The transition to a low-carbon economy has led to a surge in demand for critical metals like cobalt, nickel, and copper, currently used in products such as batteries, wind turbines and solar panels to generate renewable energy.
Until now, the metals to power our transition to a green economy have been sourced from land, but some would have us now believe that we also need to exploit the pristine wilderness of the deep sea.
Supporters of deep-sea mining argue that extracting these metals from ancient geological features on the ocean floor could provide a new source of raw materials for the green economy.
Emerging research argues however, that deep-sea mining is unnecessary and potentially harmful to our environment and that there are alternative ways to meet the demand for critical metals.
It is essential to acknowledge that the full environmental impacts of deep-sea mining are unknown. The ocean floor is a complex and fragile ecosystem that hosts many species, many of which are undiscovered.
Deep-sea mining involves disturbing the seafloor and releasing sediment into the water, which could harm or destroy habitats and lead to the extinction of species.
The long-term effects of deep-sea mining are still poorly understood, and the damage caused could be irreversible.
A circular economy
There is growing recognition that recycling and circular economy approaches could help to reduce the demand for new sources of critical metals.
Recycling reduces the need for mining, reduces waste, and conserves resources. The recycling rates for many critical metals are currently low, and there is significant potential for improvement with more research and investment.

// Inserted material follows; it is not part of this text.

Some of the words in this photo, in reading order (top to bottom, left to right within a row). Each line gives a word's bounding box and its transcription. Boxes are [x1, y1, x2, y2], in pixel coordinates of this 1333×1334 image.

Many countries have significant reserves of critical metals on land and the potential for further discovery and development. In addition, land-based mining has a growing focus on responsible mining practices, prioritising environmental protection, social responsibility, and transparency.
By improving land-based mining operations, we can minimise the environmental impacts of resource extraction on land and remove the need to start mining in the deep sea.

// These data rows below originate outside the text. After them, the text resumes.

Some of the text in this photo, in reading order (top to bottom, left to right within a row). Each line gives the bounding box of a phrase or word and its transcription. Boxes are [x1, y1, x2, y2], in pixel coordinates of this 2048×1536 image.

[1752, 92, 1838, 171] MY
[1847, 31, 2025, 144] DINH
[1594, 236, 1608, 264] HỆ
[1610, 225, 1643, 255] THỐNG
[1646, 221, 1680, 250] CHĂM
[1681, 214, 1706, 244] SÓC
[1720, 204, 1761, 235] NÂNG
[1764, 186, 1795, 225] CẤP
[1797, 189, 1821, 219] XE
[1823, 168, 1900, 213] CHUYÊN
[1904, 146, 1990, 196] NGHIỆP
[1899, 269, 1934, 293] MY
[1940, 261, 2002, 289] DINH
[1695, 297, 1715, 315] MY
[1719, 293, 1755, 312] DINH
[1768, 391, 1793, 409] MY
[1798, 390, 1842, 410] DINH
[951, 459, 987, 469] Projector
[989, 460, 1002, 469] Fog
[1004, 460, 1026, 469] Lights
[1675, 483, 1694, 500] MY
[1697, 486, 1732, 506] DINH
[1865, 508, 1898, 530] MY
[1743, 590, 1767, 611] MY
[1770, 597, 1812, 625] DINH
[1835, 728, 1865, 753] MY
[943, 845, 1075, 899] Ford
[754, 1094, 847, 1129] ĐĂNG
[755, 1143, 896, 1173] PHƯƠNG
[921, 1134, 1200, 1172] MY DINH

We must rely on more than current technology for the long term. As part of switching to a green economy, there needs to be a heavy focus on research and development toward alternative technologies that are more sustainable and do not rely on these critical metals.
The demand for critical metals is increasing as the world transitions towards a low-carbon economy; however, deep-sea mining is not the solution for critical metals. The potential environmental risks and uncertainties associated with deep-sea mining make it an unacceptable option.
We must focus on improving recycling rates, developing circular economy approaches, promoting responsible and efficient land-based mining practices, and exploring new and emerging technologies that reduce the demand for critical metals. By doing so, we can ensure that we meet the needs of the future in a way that is sustainable and environmentally responsible.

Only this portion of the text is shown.